MATERIALS AND METHODS
Data sources
Population‐based cancer incidence data in the United States have been collected by the National Cancer Institute's (NCI's) Surveillance, Epidemiology, and End Results (SEER) program since 1973 and by the Centers for Disease Control and Prevention's (CDC's) National Program of Cancer Registries (NPCR) since 1995. The SEER program is the only source for historic population‐based incidence data from the eight oldest SEER areas (Connecticut, Hawaii, Iowa, New Mexico, Utah, and the metropolitan areas of Atlanta, San Francisco‐Oakland, and Seattle‐Puget Sound), representing approximately 8% of the US population. Historical survival data (1975–1977 and 1995–1997) are based on the SEER 8 areas plus the Detroit metropolitan area, as published previously. Contemporary survival statistics are based on data from the SEER 8 registries plus the Alaska Native Tumor Registry and the registries in California, Georgia, Idaho, Kentucky, Louisiana, New Jersey, New York, and Texas, representing 42% of the US population, with vital status follow‐up through 2021. All 22 SEER registries (with the addition of Massachusetts and Illinois), covering 48% of the United States, were the source for the probability of developing cancer.
The North American Association of Central Cancer Registries (NAACCR) compiles and reports incidence data from 1995 forward for registries that participate in the SEER program and/or the NPCR. These data approach 100% coverage of the US population for the most recent years and were the source for the projected new cancer cases in 2025, contemporary incidence trends, cross‐sectional incidence rates, and stage distribution., The incidence data presented herein differ slightly from those published online in the NAACCR's Cancer in North America (CiNA) Explorer (apps.naaccr.org/explorer/, September 1, 2024) because rates are adjusted for delays in case reporting using national delay factors.

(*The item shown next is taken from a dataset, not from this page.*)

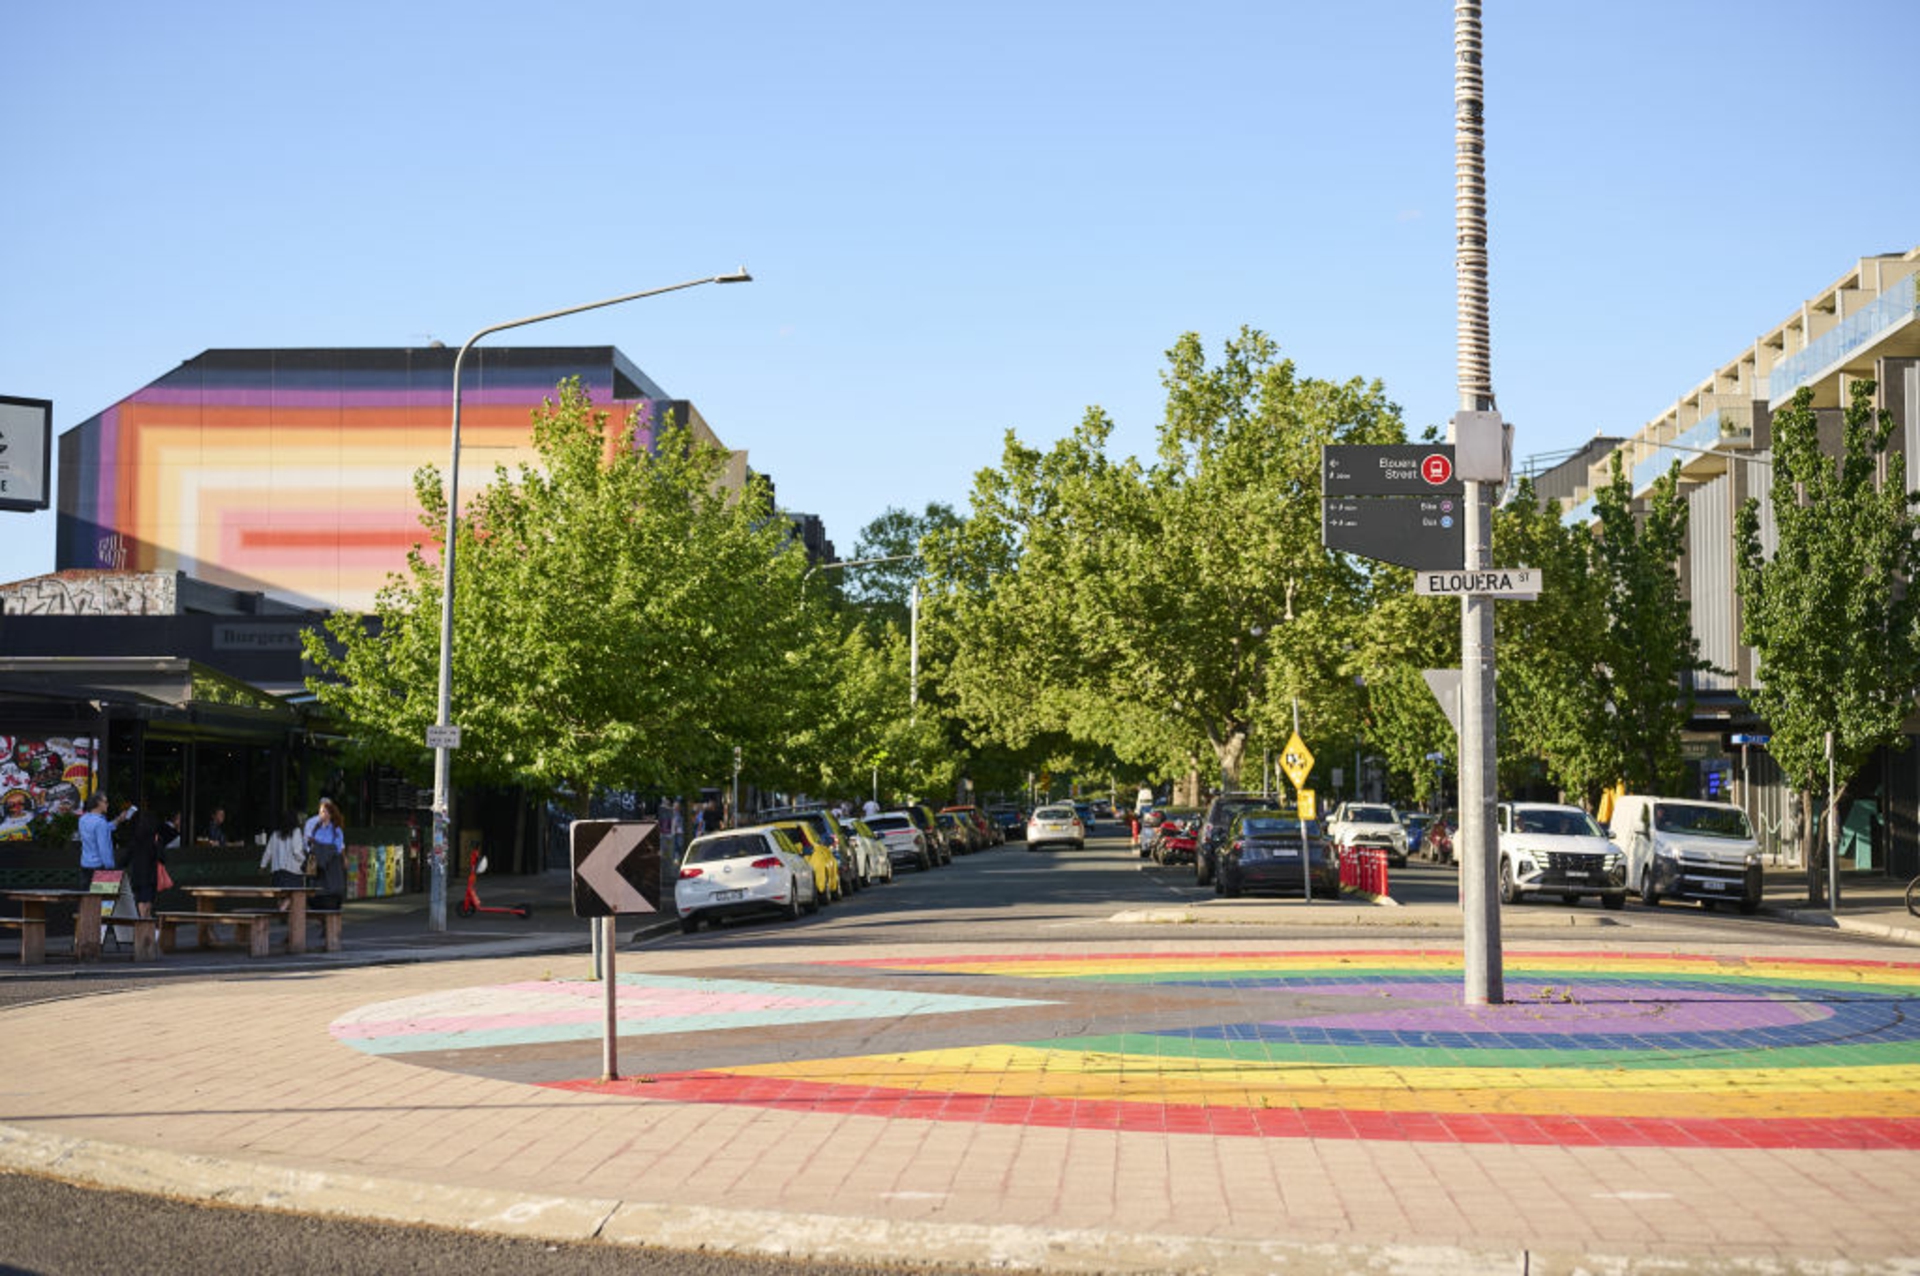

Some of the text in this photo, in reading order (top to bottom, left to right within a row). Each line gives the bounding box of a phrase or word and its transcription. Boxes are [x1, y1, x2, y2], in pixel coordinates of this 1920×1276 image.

[1385, 469, 1418, 479] Street
[1429, 572, 1530, 592] ELOUERA ST
[223, 630, 295, 647] Burgers

Incidence data for Puerto Rico were abstracted from the CiNA Explorer.
Mortality data from 1930 to 2022 were provided by the National Center for Health Statistics (NCHS)., Forty‐seven states and the District of Columbia met data quality requirements for reporting to the national vital statistics system in 1930, and Texas, Alaska, and Hawaii began reporting in 1933, 1959, and 1960, respectively. The methods for abstraction and age‐adjustment of mortality data before 1969 are described elsewhere., Contemporary 5‐year mortality rates for Puerto Rico were obtained from State Cancer Profiles (statecancerprofiles.cancer.gov, August 1, 2024), a collaboration between the CDC and the NCI.
All cancer cases were classified according to the International Classification of Diseases for Oncology, third edition, except childhood and adolescent cancers, which were classified according to the International Classification of Childhood Cancer., , Causes of death were classified according to the International Classification of Diseases.
Statistical analysis
Incidence and mortality
All incidence and death rates were age standardized to the 2000 US standard population (19 age groups) and expressed per 100,000 persons (or per million for childhood and adolescent cancer incidence), as calculated by the NCI's SEER*Stat software, version 8.4.2. Population data were modified intercensal annual county estimates by age, sex, race, and Hispanic origin produced by the US Census Bureau and the NCHS with support from the NCI except for 2010–2019 data, which were produced by Woods & Poole Economics, Inc. through a contract with the NCI, and 2020–2022 data, which were based on Vintage 2022 estimates. Official US Census Bureau intercensal population estimates are anticipated to be released in fall 2024 and will be incorporated into 2025 data releases (https://seer.cancer.gov/popdata/, September 1, 2024). Population estimates incorporate race‐bridging, which combines multiple‐race categories in the 2000 and 2010 census into individual race categories. For more information on population estimates issued by the US Census Bureau, see census.gov/programs‐surveys/popest/guidance.html, July 1, 2024.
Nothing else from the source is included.